The US Food and Drug Administration (FDA) has announced the approval of ensartinib for the treatment of ALK-positive locally advanced or metastatic non-small cell lung cancer (NSCLC) in patients who haven’t previously received an ALK inhibitor.
The approval was granted based on the results of the eXALT3 trial. This randomized, open-label trial enrolled 290 patients, who were assigned in a 1:1 ratio to receive either ensartinib or crizotinib.1
Progression-free survival (PFS) was the primary endpoint, while overall survival (OS) served as the key secondary endpoint.1 Compared to crizotinib, ensartinib showed a statistically significant improvement in PFS, with a hazard ratio (HR) of 0.56 (95% confidence interval [CI]: 0.40, 0.79; p-value 0.0007).1
In the ensartinib arm, the median PFS was almost 26 months (95% CI: 21.8, not estimable), while in the crizotinib arm, it was nearly 13 months (95% CI: 9.2, 16.6).1 There was no statistically significant difference in OS (HR 0.88 [95% CI: 0.63, 1.23], p-value 0.4570).1
Rash, musculoskeletal pain, constipation, cough, itching, nausea, edema, fever, and fatigue were the most common adverse reactions, occurring in at least 20% of patients.1>
FDA Denies Approval for Subcutaneous Version of Amivantamab
The US FDA has denied approval for subcutaneous (SC) amivantamab for the treatment of EGFR-positive NSCLC, according to a press release from Johnson & Johnson.

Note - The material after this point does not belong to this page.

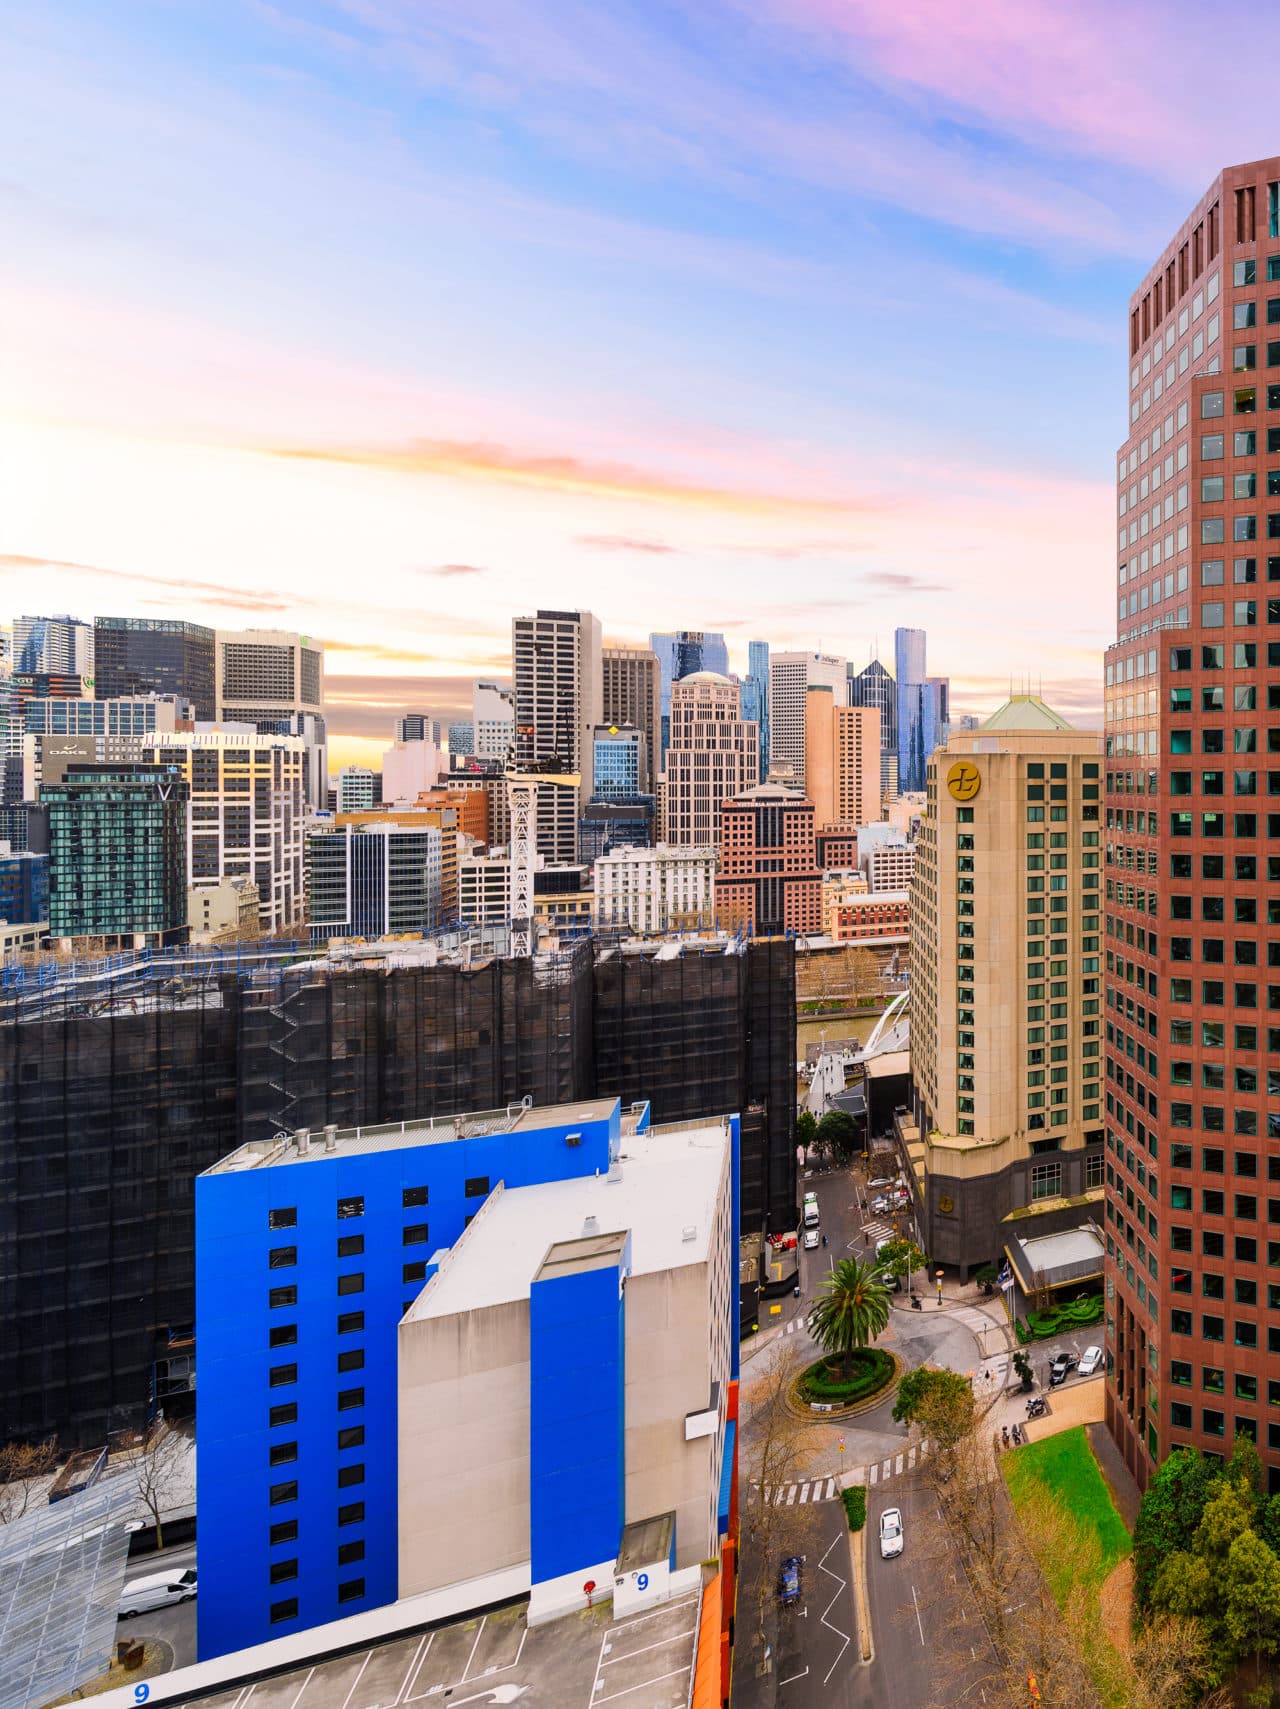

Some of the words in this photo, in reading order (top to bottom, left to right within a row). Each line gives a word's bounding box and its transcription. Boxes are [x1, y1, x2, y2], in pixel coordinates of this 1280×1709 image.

[157, 784, 172, 801] V
[637, 1573, 649, 1591] 9
[134, 1683, 150, 1704] 9

This decision was based on observations made at a manufacturing facility during the pre-approval process and is not related to the efficacy, safety, or formulation of the product.
SC administration has been found to be faster and more convenient than intravenous (IV) amivantamab-vmjw, which was approved by the FDA in September 2024 and is not impacted by this decision. Additionally, SC dosing has demonstrated greater improvements in OS compared to IV, according to findings from the PALOMA-3 trial.
Johnson & Johnson will need to submit a new application that addresses the FDA’s concerns in order to seek approval. However, the FDA has not requested any additional clinical studies to be conducted.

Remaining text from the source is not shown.